* **YOUR TASK**
The lines below should be written out again in full, exactly as they are.
########################################
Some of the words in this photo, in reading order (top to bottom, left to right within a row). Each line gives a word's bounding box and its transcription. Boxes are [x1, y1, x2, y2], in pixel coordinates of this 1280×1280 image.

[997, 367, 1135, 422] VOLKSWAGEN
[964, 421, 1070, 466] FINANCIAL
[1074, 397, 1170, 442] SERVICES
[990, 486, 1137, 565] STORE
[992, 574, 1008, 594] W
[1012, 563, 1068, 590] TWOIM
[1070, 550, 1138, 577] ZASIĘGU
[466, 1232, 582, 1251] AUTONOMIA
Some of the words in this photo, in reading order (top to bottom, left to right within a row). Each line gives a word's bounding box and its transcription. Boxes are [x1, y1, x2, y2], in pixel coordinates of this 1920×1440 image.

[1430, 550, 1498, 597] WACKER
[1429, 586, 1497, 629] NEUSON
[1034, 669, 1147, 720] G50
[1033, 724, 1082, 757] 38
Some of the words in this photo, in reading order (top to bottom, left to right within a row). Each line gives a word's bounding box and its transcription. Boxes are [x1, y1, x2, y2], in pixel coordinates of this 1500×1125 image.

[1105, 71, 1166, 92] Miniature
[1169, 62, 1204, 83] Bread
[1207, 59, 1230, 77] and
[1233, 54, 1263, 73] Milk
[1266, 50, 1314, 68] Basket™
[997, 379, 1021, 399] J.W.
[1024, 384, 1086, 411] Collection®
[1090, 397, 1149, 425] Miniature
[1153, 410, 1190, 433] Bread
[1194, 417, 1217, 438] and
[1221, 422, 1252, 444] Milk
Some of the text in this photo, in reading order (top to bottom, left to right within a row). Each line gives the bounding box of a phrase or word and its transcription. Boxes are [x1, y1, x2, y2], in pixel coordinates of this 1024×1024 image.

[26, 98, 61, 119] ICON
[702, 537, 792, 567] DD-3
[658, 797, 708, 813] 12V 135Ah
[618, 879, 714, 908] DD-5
########################################
* **COMPLETED EXERCISE**
Some of the words in this photo, in reading order (top to bottom, left to right within a row). Each line gives a word's bounding box and its transcription. Boxes are [x1, y1, x2, y2], in pixel coordinates of this 1280×1280 image.

[997, 367, 1135, 422] VOLKSWAGEN
[964, 421, 1070, 466] FINANCIAL
[1074, 397, 1170, 442] SERVICES
[990, 486, 1137, 565] STORE
[992, 574, 1008, 594] W
[1012, 563, 1068, 590] TWOIM
[1070, 550, 1138, 577] ZASIĘGU
[466, 1232, 582, 1251] AUTONOMIA
Some of the words in this photo, in reading order (top to bottom, left to right within a row). Each line gives a word's bounding box and its transcription. Boxes are [x1, y1, x2, y2], in pixel coordinates of this 1920×1440 image.

[1430, 550, 1498, 597] WACKER
[1429, 586, 1497, 629] NEUSON
[1034, 669, 1147, 720] G50
[1033, 724, 1082, 757] 38
Some of the words in this photo, in reading order (top to bottom, left to right within a row). Each line gives a word's bounding box and its transcription. Boxes are [x1, y1, x2, y2], in pixel coordinates of this 1500×1125 image.

[1105, 71, 1166, 92] Miniature
[1169, 62, 1204, 83] Bread
[1207, 59, 1230, 77] and
[1233, 54, 1263, 73] Milk
[1266, 50, 1314, 68] Basket™
[997, 379, 1021, 399] J.W.
[1024, 384, 1086, 411] Collection®
[1090, 397, 1149, 425] Miniature
[1153, 410, 1190, 433] Bread
[1194, 417, 1217, 438] and
[1221, 422, 1252, 444] Milk
Some of the text in this photo, in reading order (top to bottom, left to right within a row). Each line gives the bounding box of a phrase or word and its transcription. Boxes are [x1, y1, x2, y2], in pixel coordinates of this 1024×1024 image.

[26, 98, 61, 119] ICON
[702, 537, 792, 567] DD-3
[658, 797, 708, 813] 12V 135Ah
[618, 879, 714, 908] DD-5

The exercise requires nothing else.